Controlled Precipitation of Sparingly Soluble Phosphate Salts Using Enzymes. II. Precipitation of Struvite

Abstract

A novel methodology for the synthesis of magnesium ammonium phosphate (MgNH4PO4·6H2O, MAP or struvite) through precipitation from supersaturated solutions was developed. The development of supersaturation with respect to struvite was catalyzed by the enzymatic decomposition of sodium polyphosphate salts. Solutions containing magnesium and ammonium ions and either sodium tripolyphosphate (Na5P3O10, STP) with alkaline phosphatase or sodium trimetaphosphate (Na3P3O9, STMP) with acid phosphatase were used for the synthesis of MAP. The experiments were done at 25 °C, and the pH was adjusted at 9.80 for the alkaline and at pH 7.50 for the acid phosphatase containing solutions, respectively. The precipitated struvite crystals exhibited a rather irregular morphology. In all cases and as a result of the enzymic activity, the inorganic orthophosphate concentration in solution increased with time reaching the threshold for the spontaneous precipitation of struvite.

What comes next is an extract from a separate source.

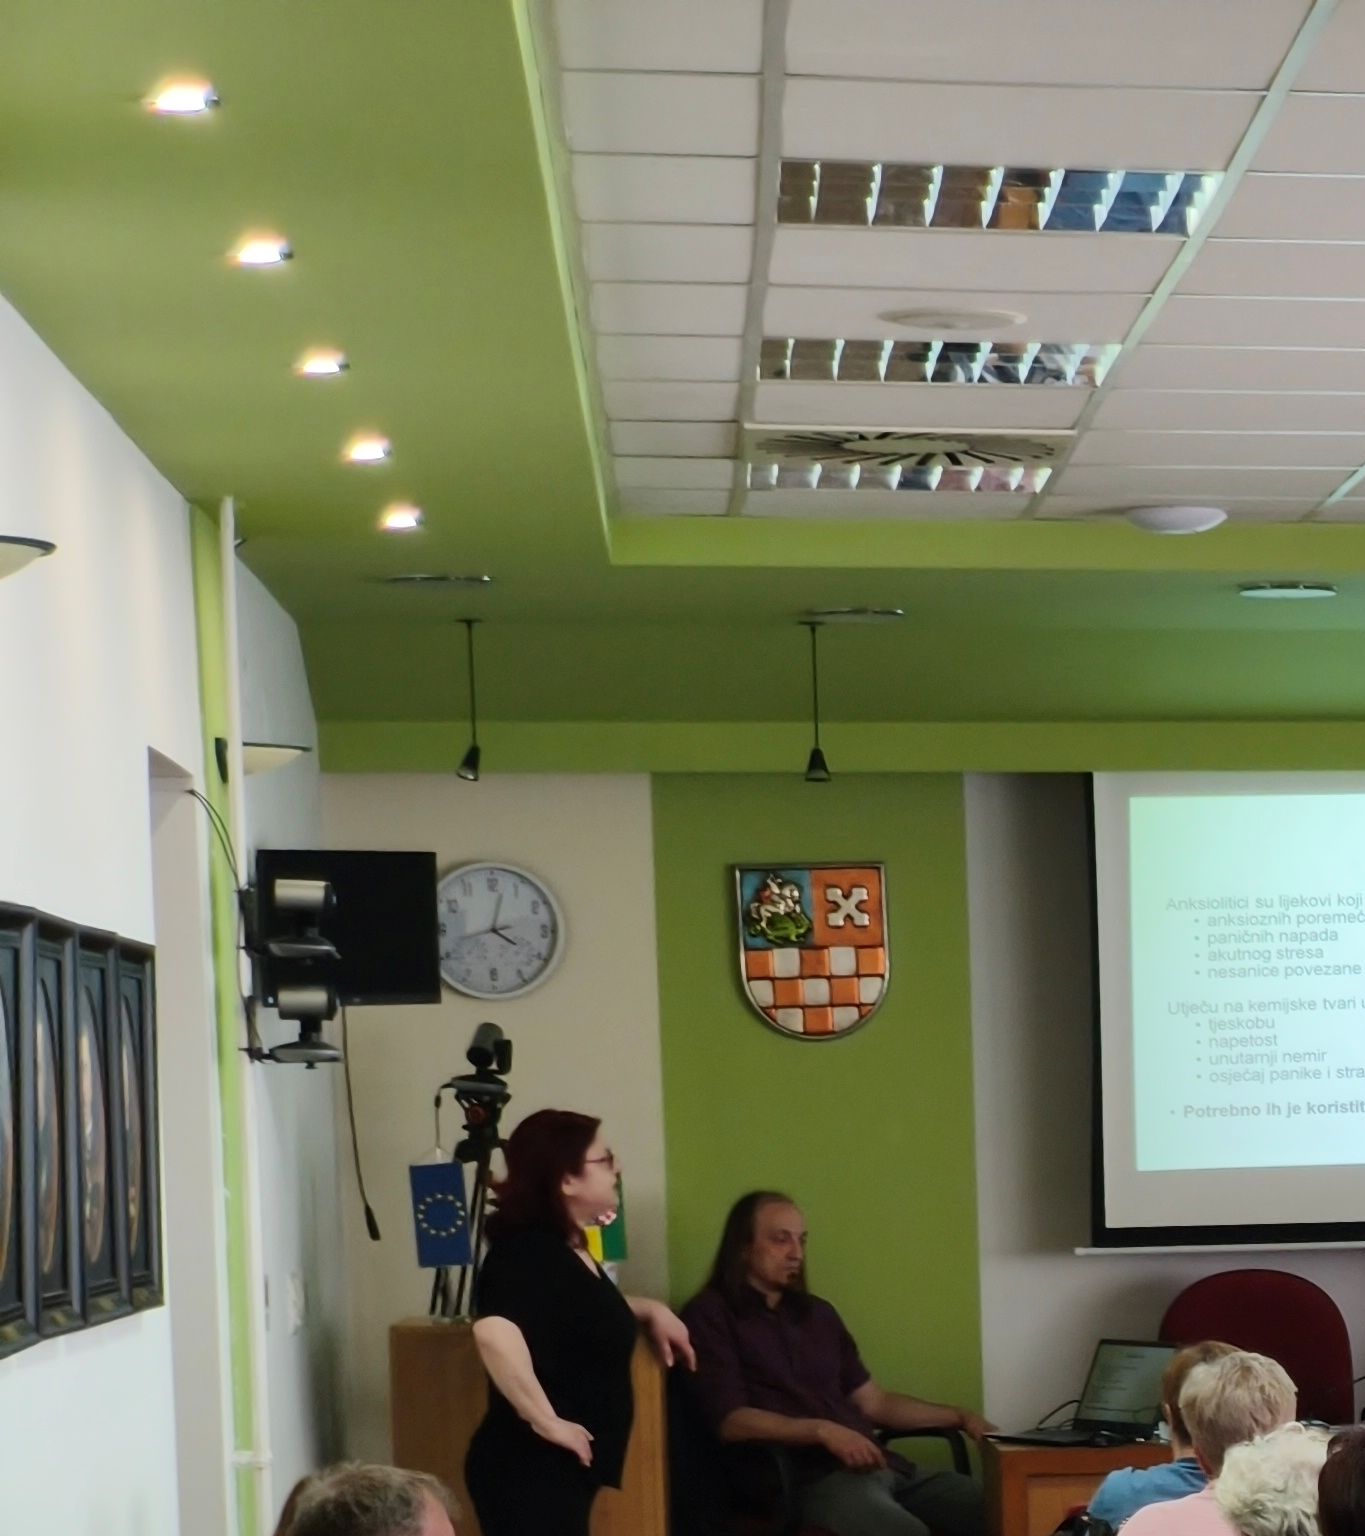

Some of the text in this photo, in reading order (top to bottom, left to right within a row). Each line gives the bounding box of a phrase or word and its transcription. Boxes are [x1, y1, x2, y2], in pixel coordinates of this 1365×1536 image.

The supersaturation at the onset of the precipitation process was significantly higher in comparison to the respective values in solutions made by mixing the components of the precipitating solid (magnesium, ammonium, and orthophosphate solutions). Moreover, the rates of precipitation in the latter solutions were significantly higher. Past the supersaturation threshold, struvite crystals formed at rates increasing with the solution supersaturation. The presence of suspended particles affected both nucleation and crystal growth of struvite significantly in the presence of the enzymes tested. More specifically, in the presence of silicate sand the formation of struvite was promoted, yielding higher rates of precipitation. At the same solution conditions, the presence of suspended soil particles resulted in lower rates of precipitation. In both cases, the formation of struvite in the presence of suspended particles formed bridges between neighboring particles. The proposed process is promising for applications in the consolidation of sand containing soils.